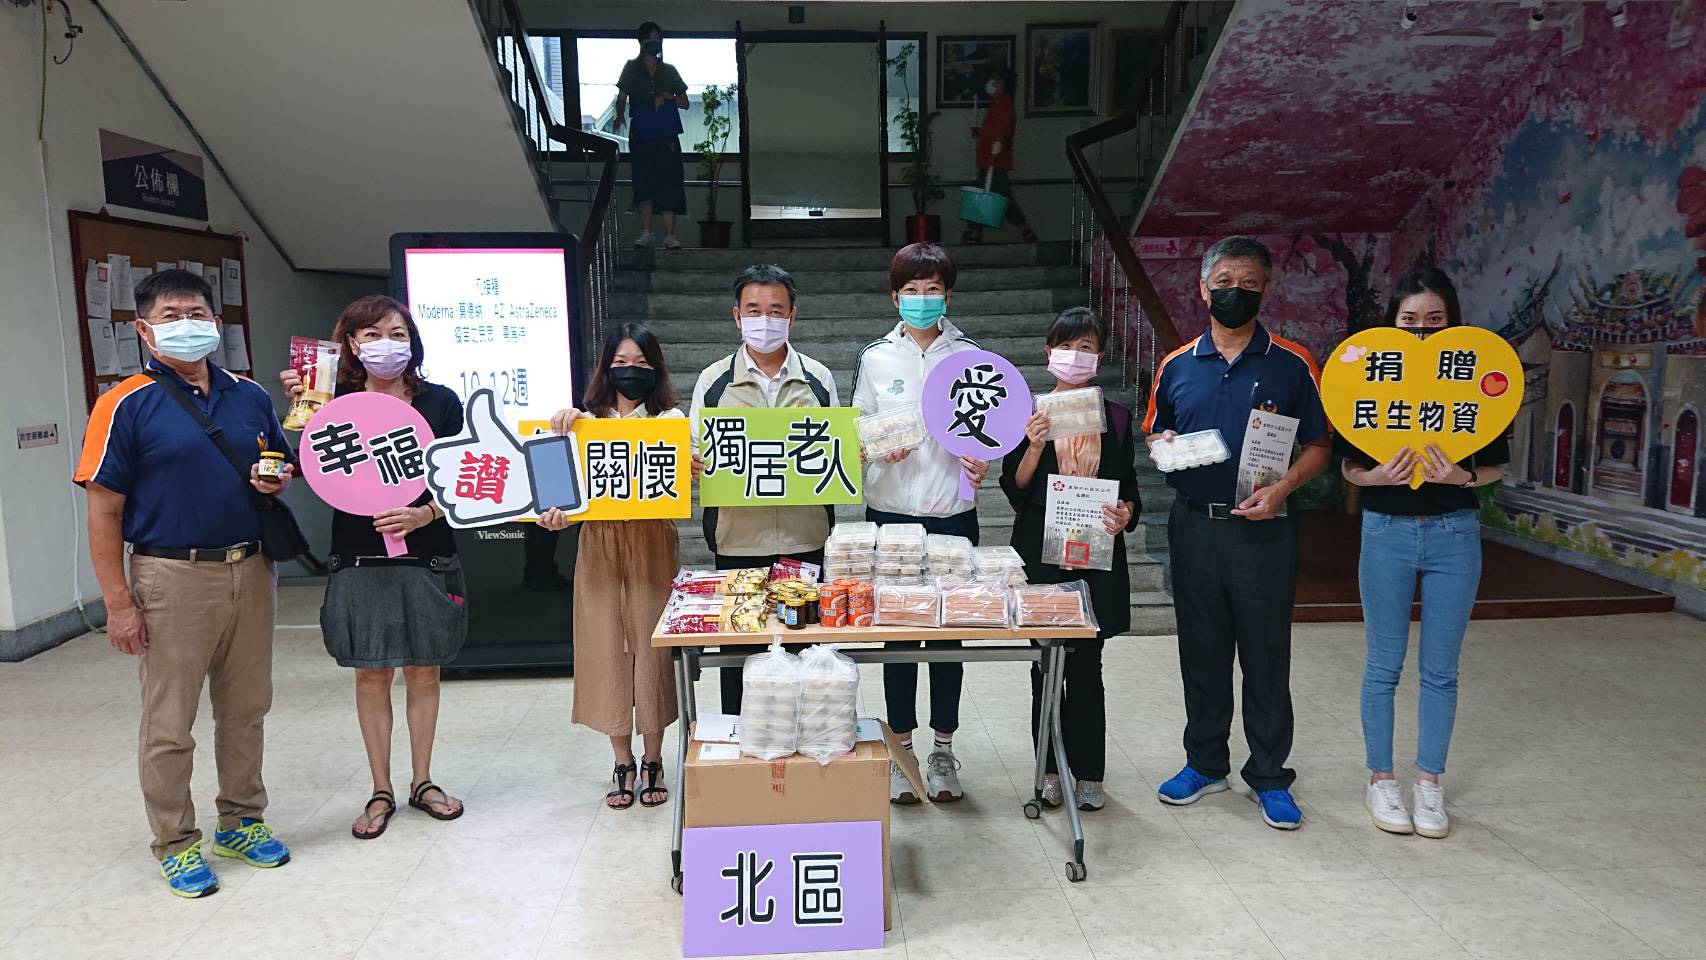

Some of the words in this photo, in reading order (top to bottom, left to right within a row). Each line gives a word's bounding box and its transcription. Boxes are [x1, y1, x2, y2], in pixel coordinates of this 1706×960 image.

[134, 163, 179, 196] 公佈欄
[418, 303, 454, 319] Moderna
[494, 303, 505, 319] AZ
[510, 303, 557, 319] AstraZeneca
[946, 363, 1009, 449] 愛
[1352, 399, 1480, 435] 民生物資
[309, 422, 424, 486] 幸福
[455, 450, 511, 504] 讚
[703, 416, 858, 499] 獨居老人
[476, 529, 526, 540] ViewSonic
[720, 851, 845, 927] 北區

---

= What to do =
Print the entries above exactly, leaving pictures out.

= Response to the exercise =
Some of the words in this photo, in reading order (top to bottom, left to right within a row). Each line gives a word's bounding box and its transcription. Boxes are [x1, y1, x2, y2], in pixel coordinates of this 1706×960 image.

[134, 163, 179, 196] 公佈欄
[418, 303, 454, 319] Moderna
[494, 303, 505, 319] AZ
[510, 303, 557, 319] AstraZeneca
[946, 363, 1009, 449] 愛
[1352, 399, 1480, 435] 民生物資
[309, 422, 424, 486] 幸福
[455, 450, 511, 504] 讚
[703, 416, 858, 499] 獨居老人
[476, 529, 526, 540] ViewSonic
[720, 851, 845, 927] 北區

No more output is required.